• [Task goal]: Make an exact copy of all the entries, but do not reproduce the pictures.

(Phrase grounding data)
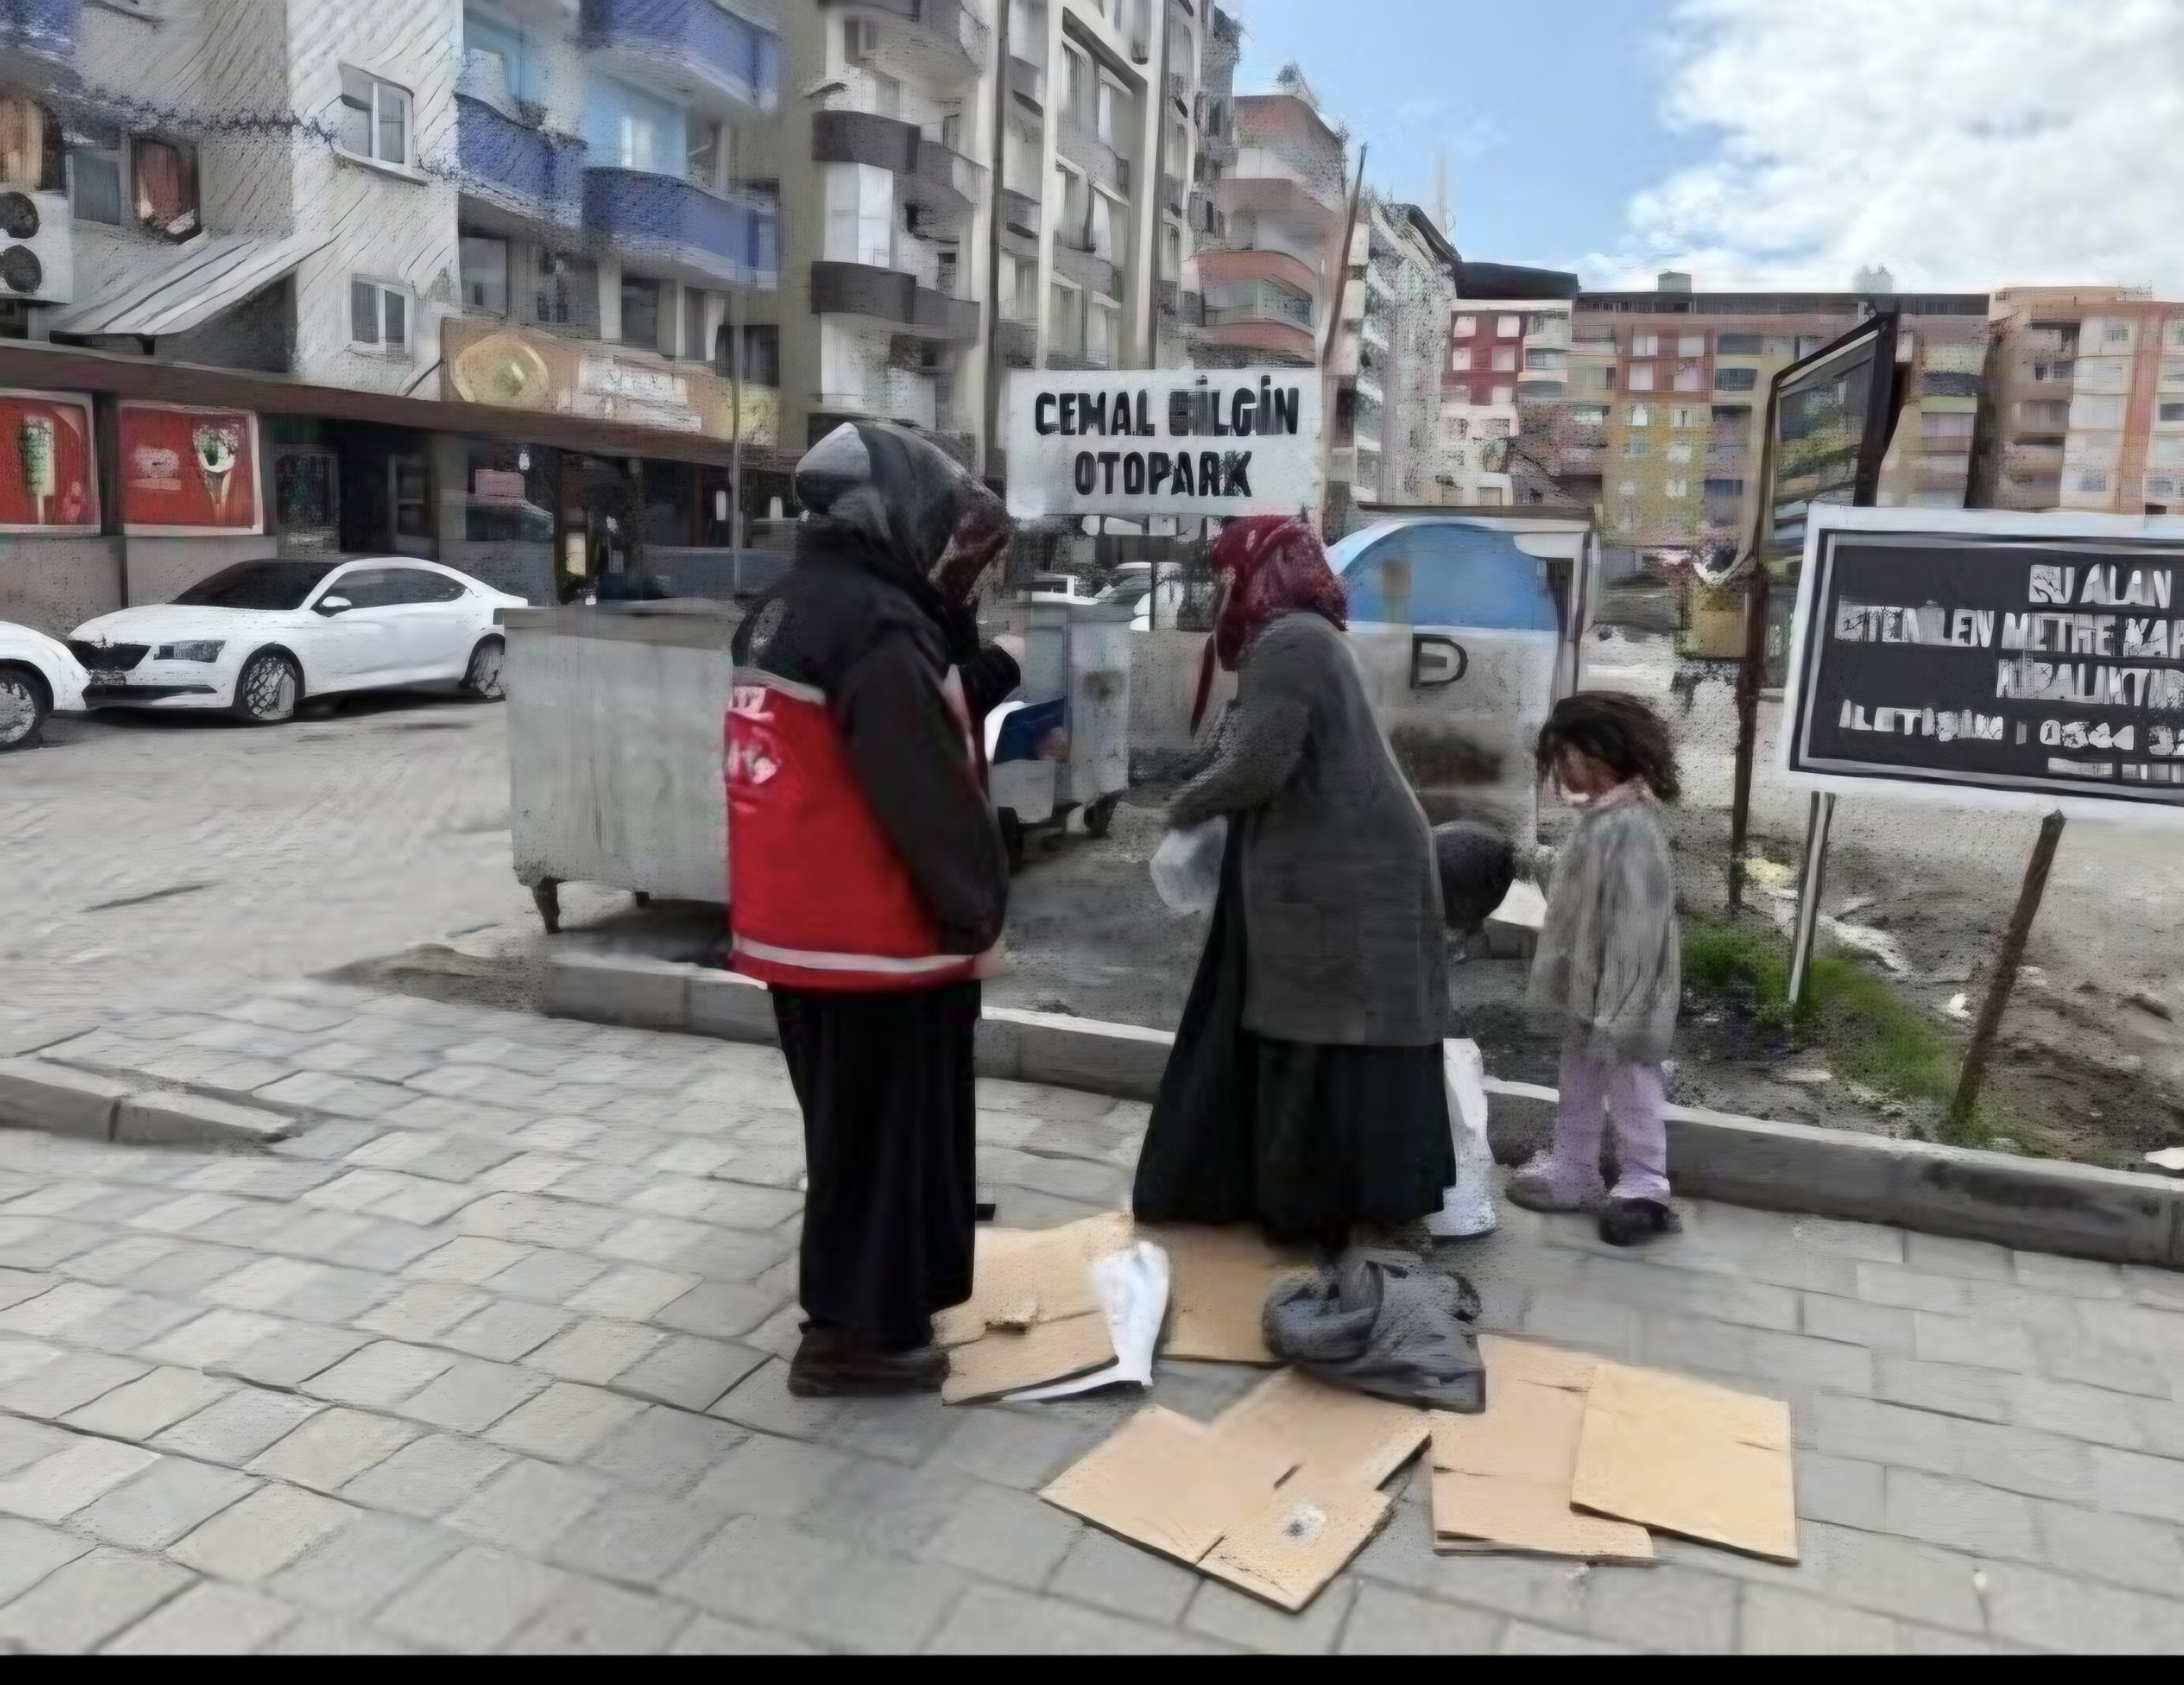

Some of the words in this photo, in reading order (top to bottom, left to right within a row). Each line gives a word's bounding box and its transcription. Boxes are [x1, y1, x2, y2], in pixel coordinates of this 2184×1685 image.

[1035, 389, 1155, 436] CEMAL
[1169, 375, 1299, 436] BİLGİN
[1075, 450, 1252, 497] OTOPARK
[2080, 563, 2172, 609] ALAN

• [Task answer]:
Some of the words in this photo, in reading order (top to bottom, left to right within a row). Each line gives a word's bounding box and its transcription. Boxes are [x1, y1, x2, y2], in pixel coordinates of this 2184×1685 image.

[1035, 389, 1155, 436] CEMAL
[1169, 375, 1299, 436] BİLGİN
[1075, 450, 1252, 497] OTOPARK
[2080, 563, 2172, 609] ALAN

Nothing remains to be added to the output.